[Saved entries]
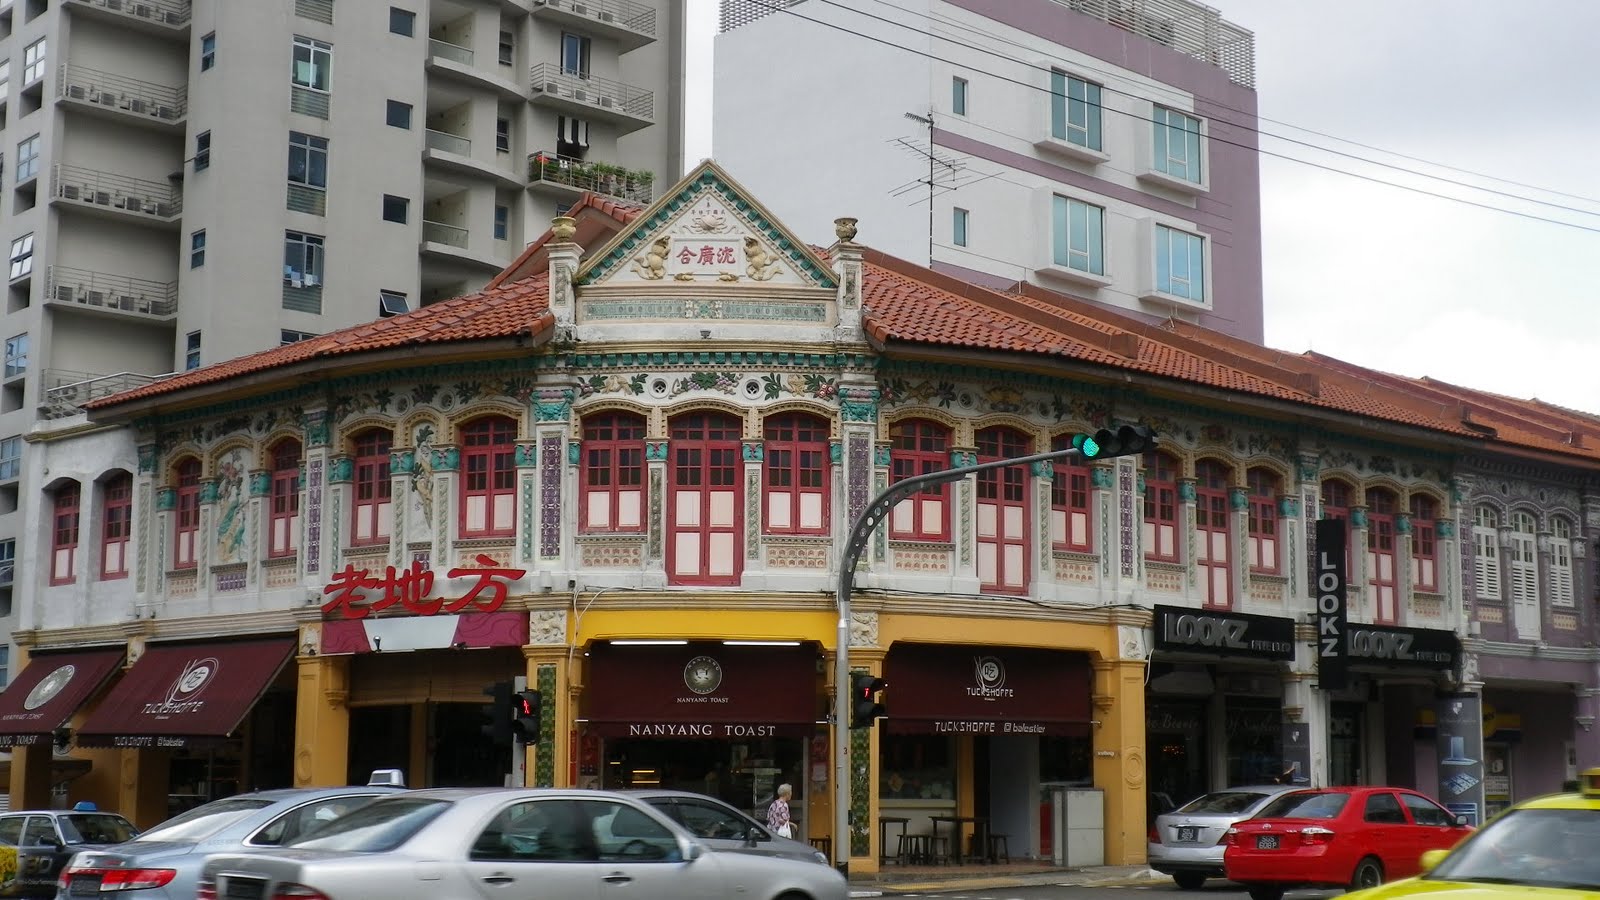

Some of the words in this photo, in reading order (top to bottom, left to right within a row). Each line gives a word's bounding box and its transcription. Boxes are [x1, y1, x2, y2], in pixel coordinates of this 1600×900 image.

[321, 554, 526, 619] 老地方
[1319, 552, 1340, 657] LOOKZ
[1164, 613, 1248, 649] LOOKZ
[1347, 629, 1414, 659] LOOKZ
[967, 687, 1014, 697] TUCKSHOPPE
[630, 724, 712, 736] NANYANG
[725, 725, 776, 736] TOAST
[935, 722, 995, 732] TUCKSHOPPE
[16, 735, 38, 744] TOAST
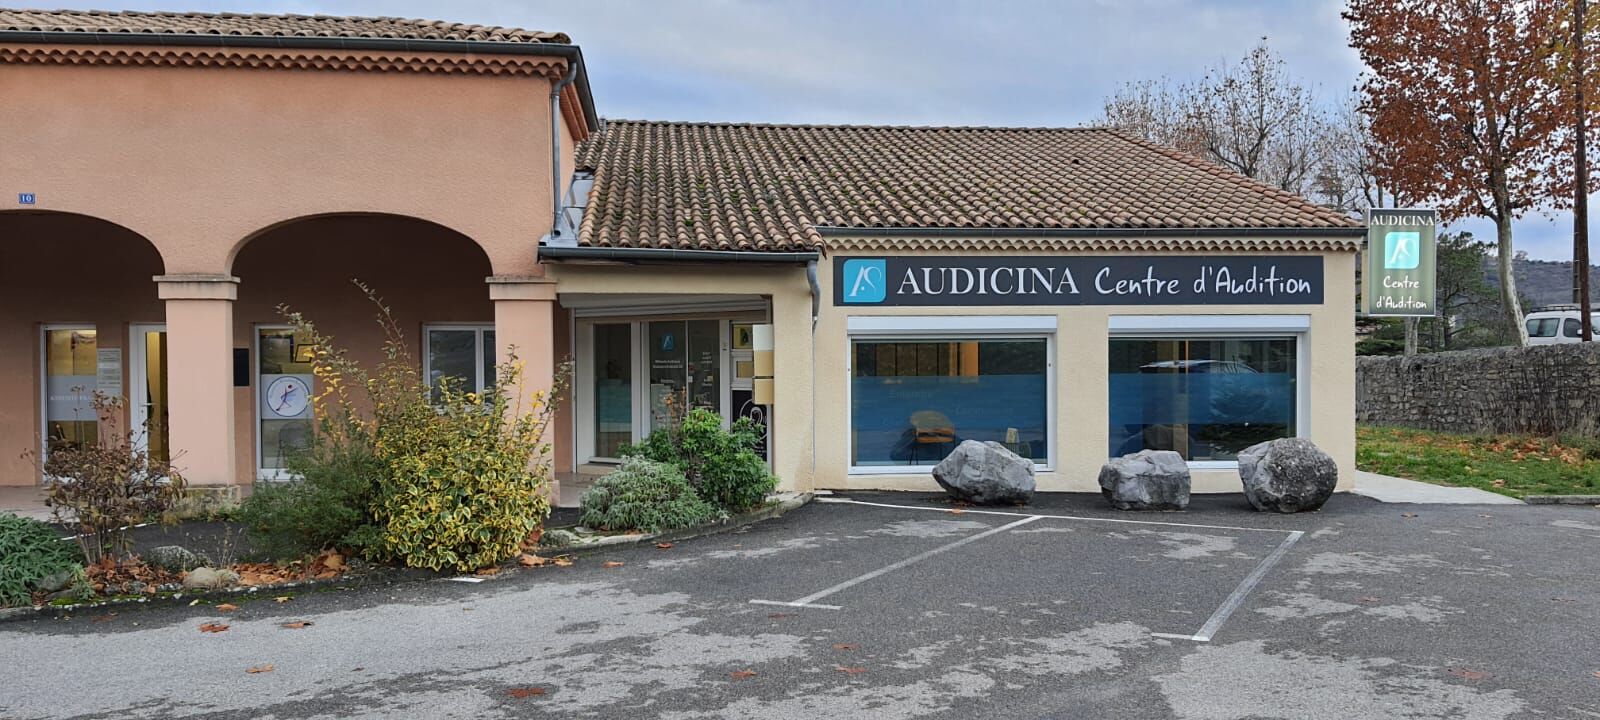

■ **What you should do**: Where the data contains images, drop them and print the rest exactly.

■ **Exercise output**:
Some of the words in this photo, in reading order (top to bottom, left to right within a row). Each line gives a word's bounding box and its transcription. Boxes are [x1, y1, x2, y2], in pixel coordinates of this 1600×900 image.

[321, 554, 526, 619] 老地方
[1319, 552, 1340, 657] LOOKZ
[1164, 613, 1248, 649] LOOKZ
[1347, 629, 1414, 659] LOOKZ
[967, 687, 1014, 697] TUCKSHOPPE
[630, 724, 712, 736] NANYANG
[725, 725, 776, 736] TOAST
[935, 722, 995, 732] TUCKSHOPPE
[16, 735, 38, 744] TOAST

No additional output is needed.